Comprehensiveness in heathcare and medicines provision by the HIV/AIDS program in Brazil
C.D.B. Santos-Pinto, C.G.S. Osorio-de-Castro
FIOCRUZ/ENSP, Center of Pharmaceutical Policies (NAF), Rio de Janeiro, Brazil
Background: Comprehensiveness, universal access and equity are Brazilian Health System principles. Comprehensiveness encompasses a broad scope of aspects related to the health system and to the individual, involving preventive and curative health actions. The Brazilian HIV/AIDS Program was designed within this paradigm. During its development and implementation considerable effort was dedicated to the practice of comprehensive healthcare for PLWHA. The aim of this work is to discuss the concept and its application to the Program medicines´ provision stategies in order to verify Program experience.
Methods: A search of the literature covered the various definitions and dimensions related to comprehensiveness as well as the diverse applications of this concept in different health settings. Documents pertaining to the Brazilian HIV/AIDS Program were scanned for events and practices related to comprehensiveness and to medicines provision.

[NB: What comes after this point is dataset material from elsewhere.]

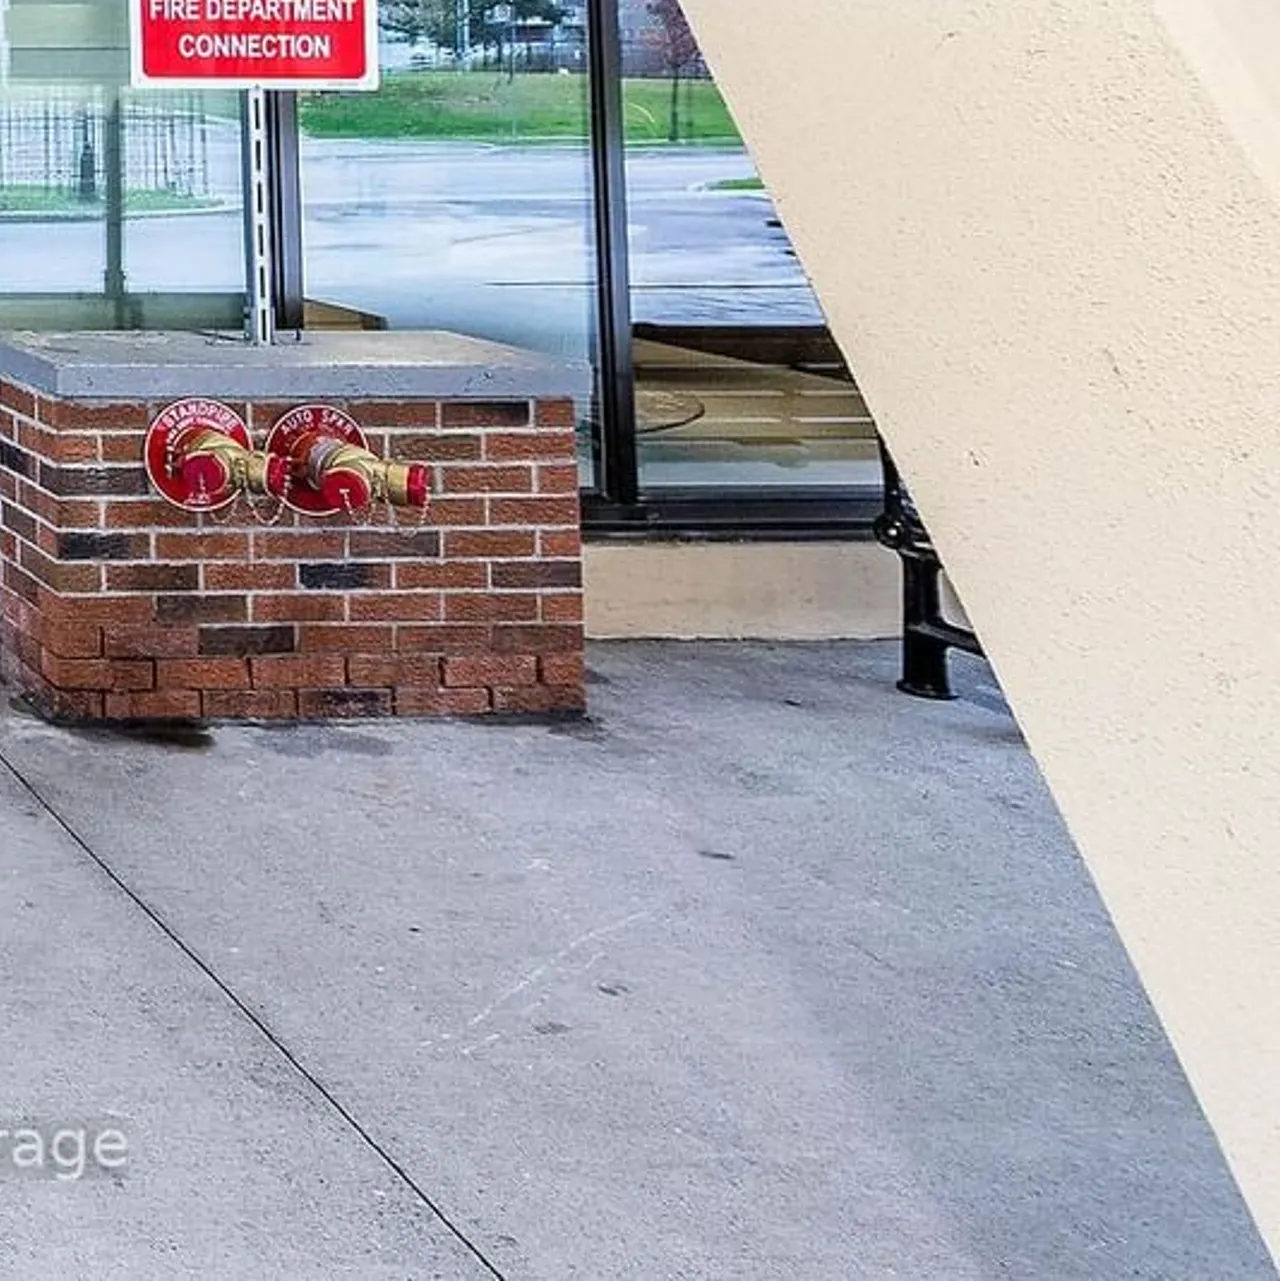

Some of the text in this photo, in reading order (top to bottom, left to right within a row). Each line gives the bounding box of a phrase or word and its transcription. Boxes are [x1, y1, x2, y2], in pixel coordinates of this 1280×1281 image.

[178, 33, 331, 59] CONNECTION
[161, 402, 238, 431] STANDPIPE
[280, 409, 314, 435] AUTO

A discussion on how well the Program has incorporated comprehensiveness, in its various forms and in medicines provision ensues.
Results: The Brazilian HIV/AIDS Program has acted politically to adhere to and to incorporate comprehensiveness in its guidelines and practices, presumably more so than most other health programs in Brazil. Free universal access has been guaranteed by law, since 1996 and much has been accomplished in order to supply ART and medicines for oportunistic infections. The Program features a separate supply chain, including procurement and distribution. Although comprehensive medicines provision has been guaranteed, this is mostly true for ART. Other aspects of comprehensiveness, such as those related to the integration of all health efforts has not yet been achieved.
Conclusions: In its 25 years of existence, the Brazilian HIV/AIDS Program has made important efforts in the direction of comprehensive medicines provision for PLWHA, perceived as one of the reasons behind its success. Nevertheless, lack of integration with other health system networks and structures may compromise comprehensiveness.